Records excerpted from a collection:
══════
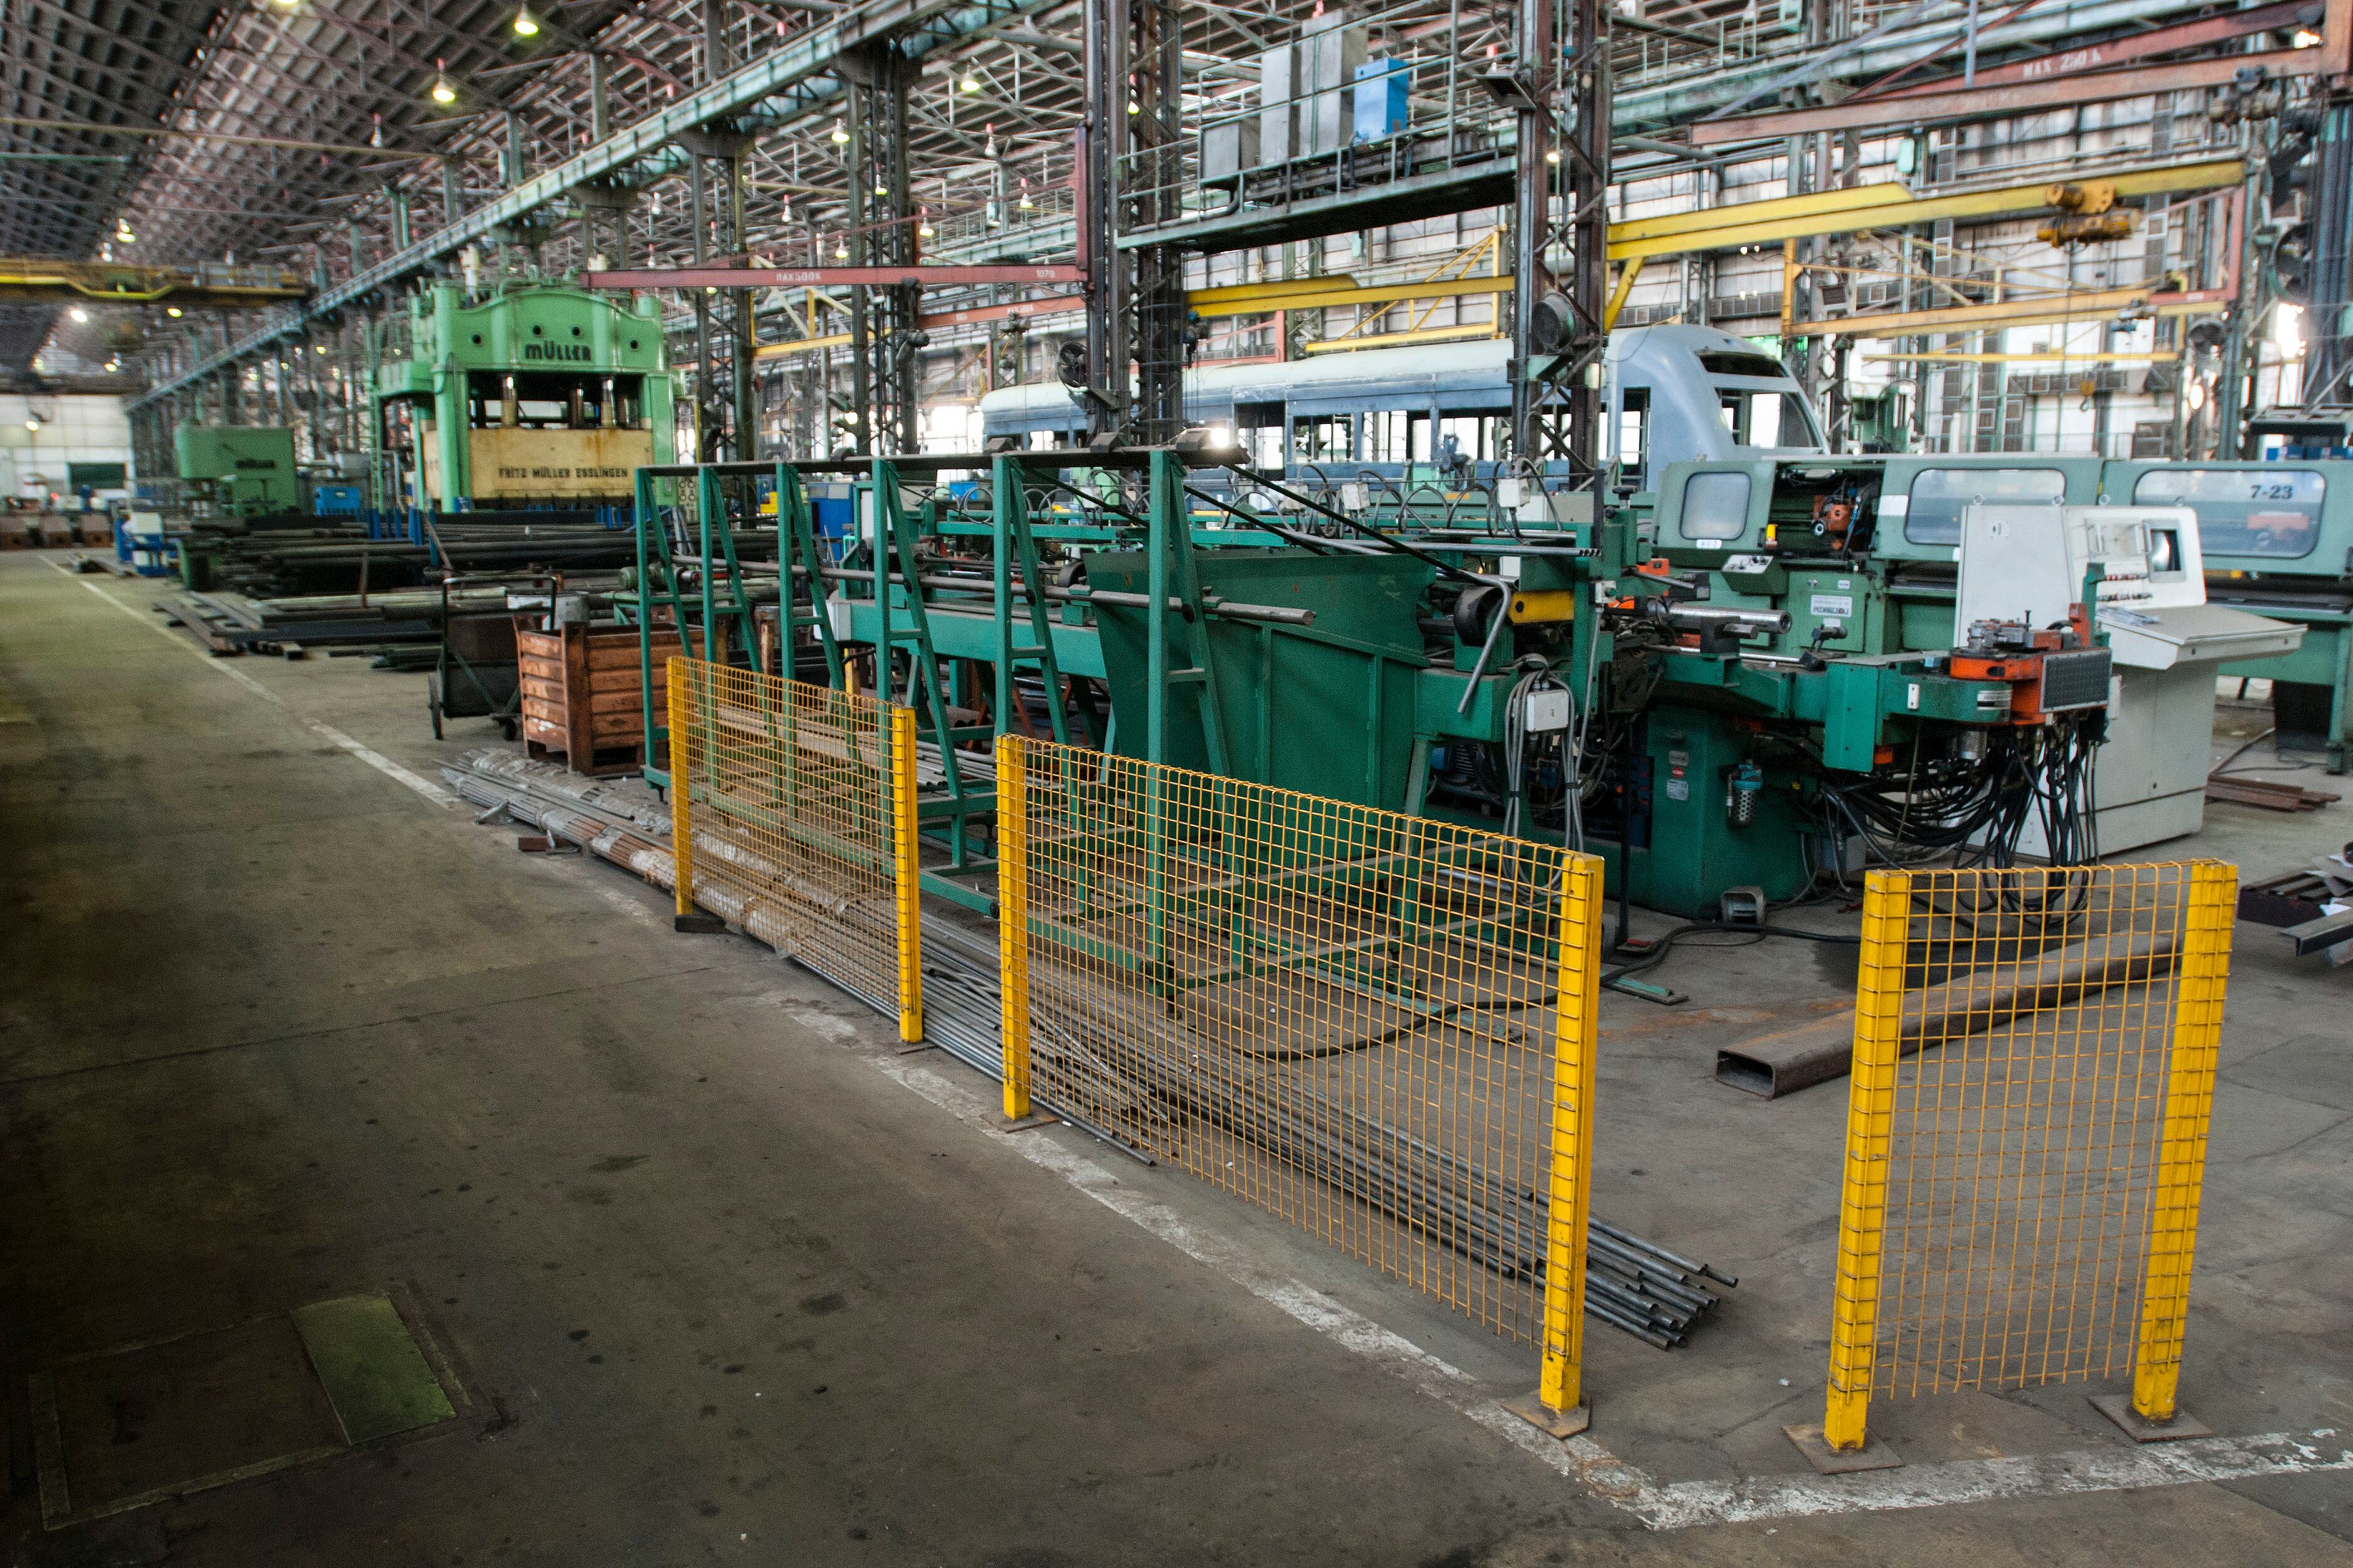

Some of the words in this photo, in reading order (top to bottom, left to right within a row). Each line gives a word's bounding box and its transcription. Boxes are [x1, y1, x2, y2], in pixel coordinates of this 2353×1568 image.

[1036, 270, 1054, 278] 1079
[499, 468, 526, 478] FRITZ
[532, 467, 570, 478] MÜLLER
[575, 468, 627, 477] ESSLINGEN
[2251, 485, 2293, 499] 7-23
══════
WHAT TO DO — Produce an exact copy of each line of data, skipping embedded images.

SOLUTION TO THIS TASK —
Some of the words in this photo, in reading order (top to bottom, left to right within a row). Each line gives a word's bounding box and its transcription. Boxes are [x1, y1, x2, y2], in pixel coordinates of this 2353×1568 image.

[1036, 270, 1054, 278] 1079
[499, 468, 526, 478] FRITZ
[532, 467, 570, 478] MÜLLER
[575, 468, 627, 477] ESSLINGEN
[2251, 485, 2293, 499] 7-23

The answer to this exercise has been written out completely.